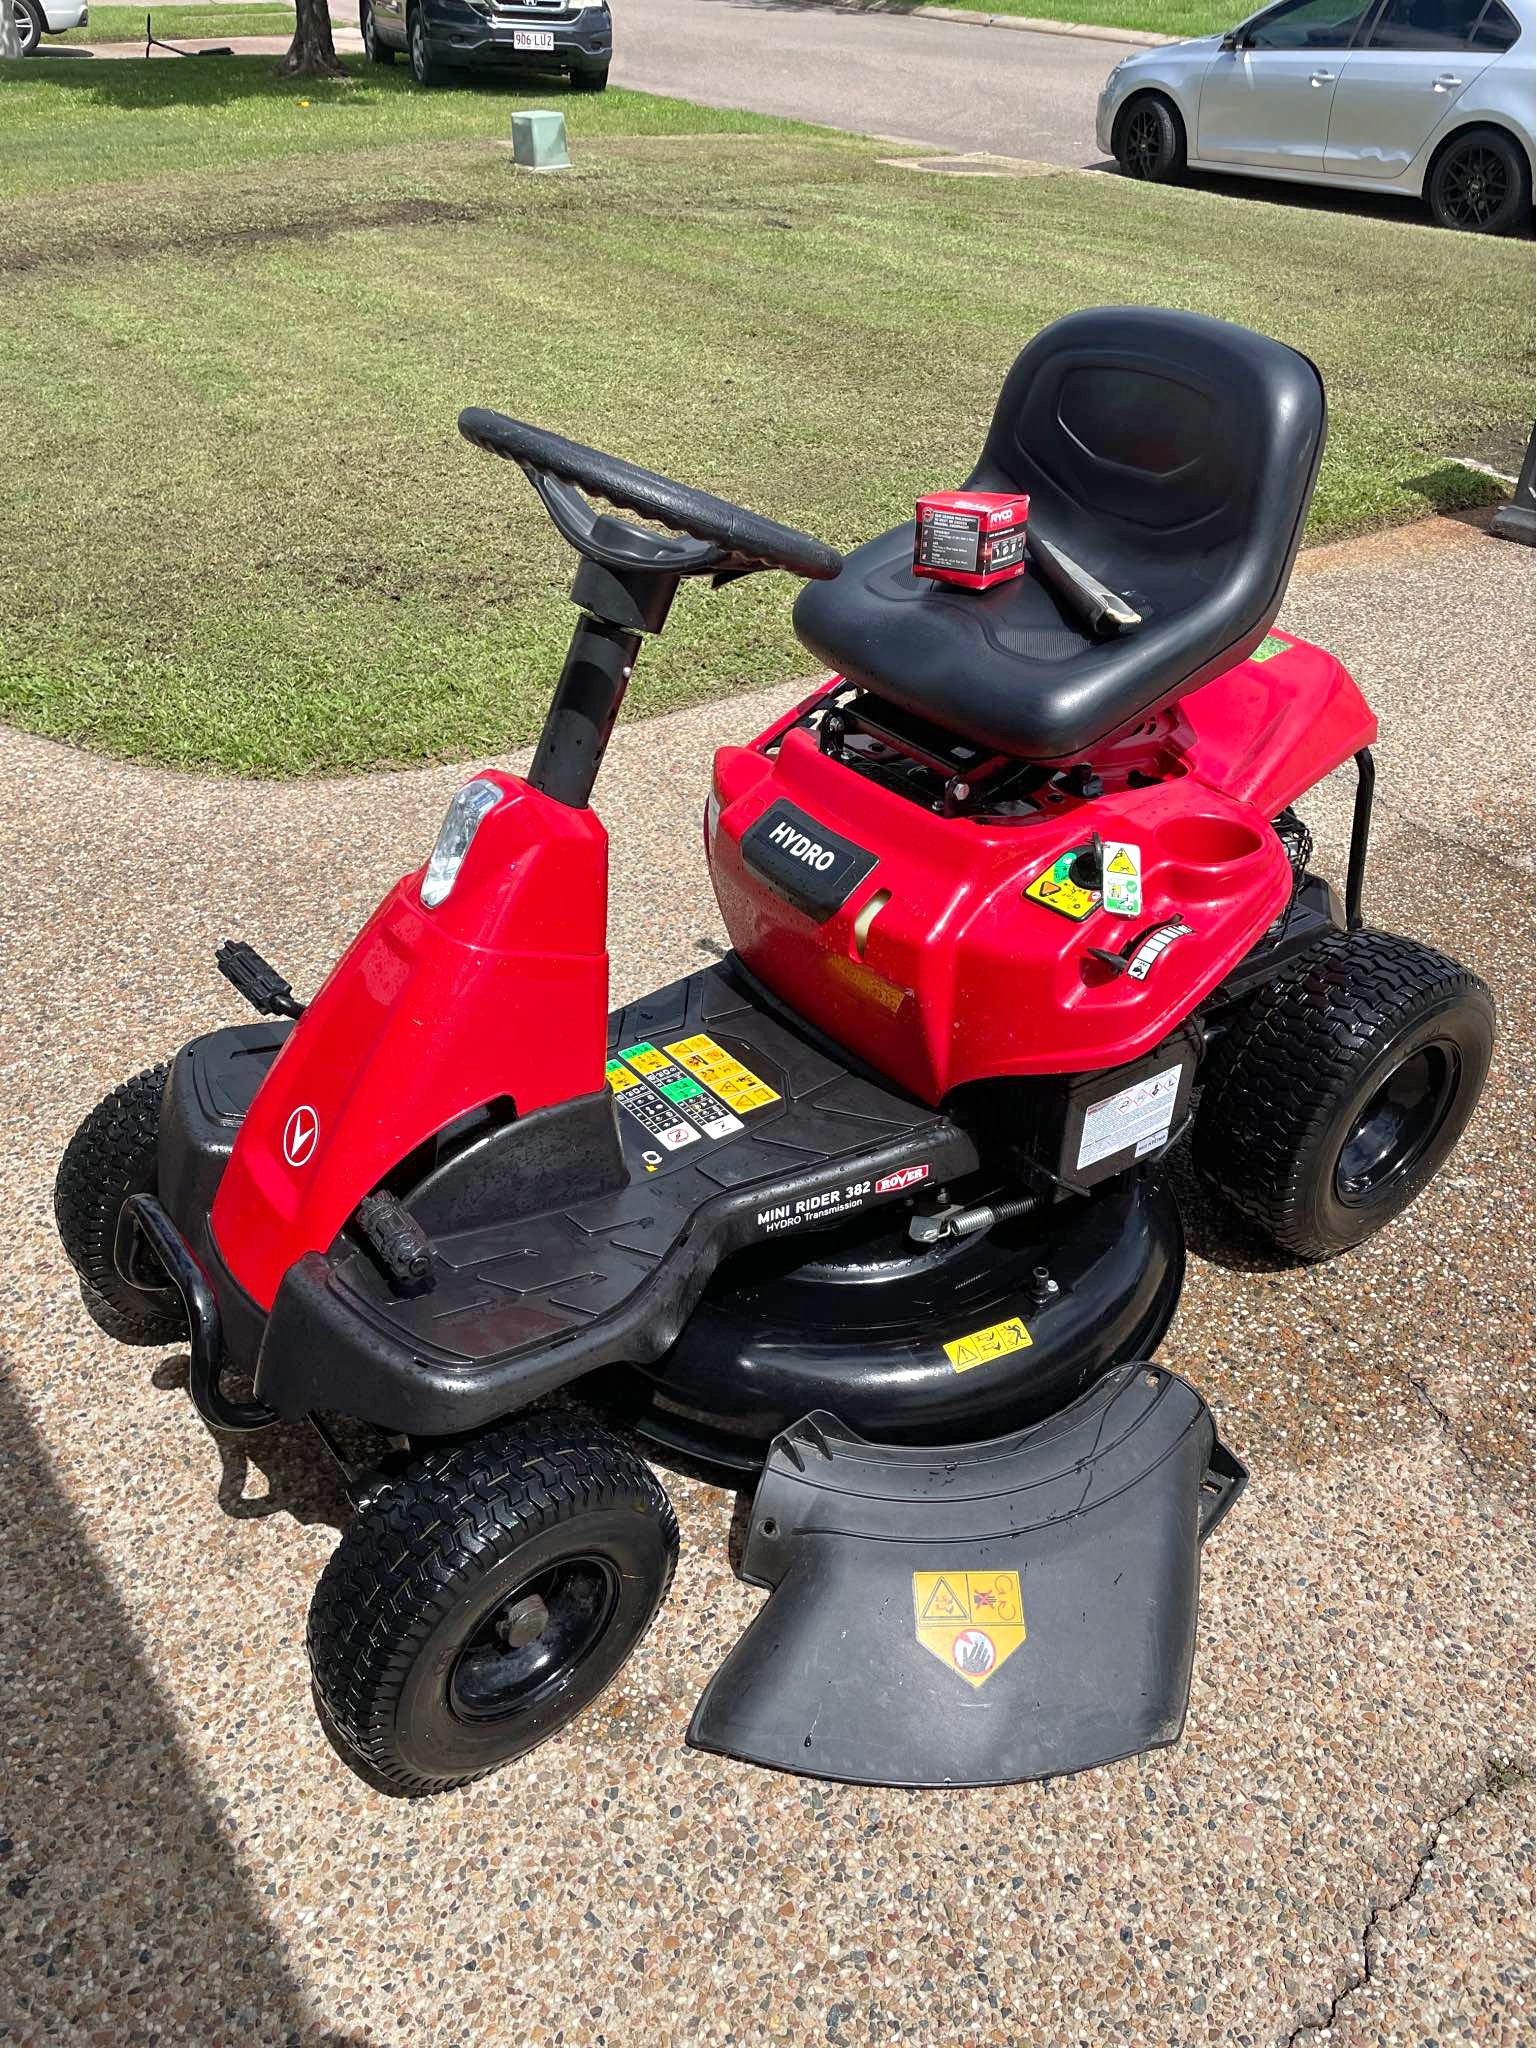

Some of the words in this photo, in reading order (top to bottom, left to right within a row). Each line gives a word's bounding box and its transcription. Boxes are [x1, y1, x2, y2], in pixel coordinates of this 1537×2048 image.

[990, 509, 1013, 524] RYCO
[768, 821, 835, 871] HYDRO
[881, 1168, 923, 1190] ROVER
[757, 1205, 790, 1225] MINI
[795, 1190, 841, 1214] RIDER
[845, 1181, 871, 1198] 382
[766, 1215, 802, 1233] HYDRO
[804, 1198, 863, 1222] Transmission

### Activity
Once the images are dropped, set down the remaining material word for word.

### Response
Some of the words in this photo, in reading order (top to bottom, left to right within a row). Each line gives a word's bounding box and its transcription. Boxes are [x1, y1, x2, y2], in pixel coordinates of this 1537×2048 image.

[990, 509, 1013, 524] RYCO
[768, 821, 835, 871] HYDRO
[881, 1168, 923, 1190] ROVER
[757, 1205, 790, 1225] MINI
[795, 1190, 841, 1214] RIDER
[845, 1181, 871, 1198] 382
[766, 1215, 802, 1233] HYDRO
[804, 1198, 863, 1222] Transmission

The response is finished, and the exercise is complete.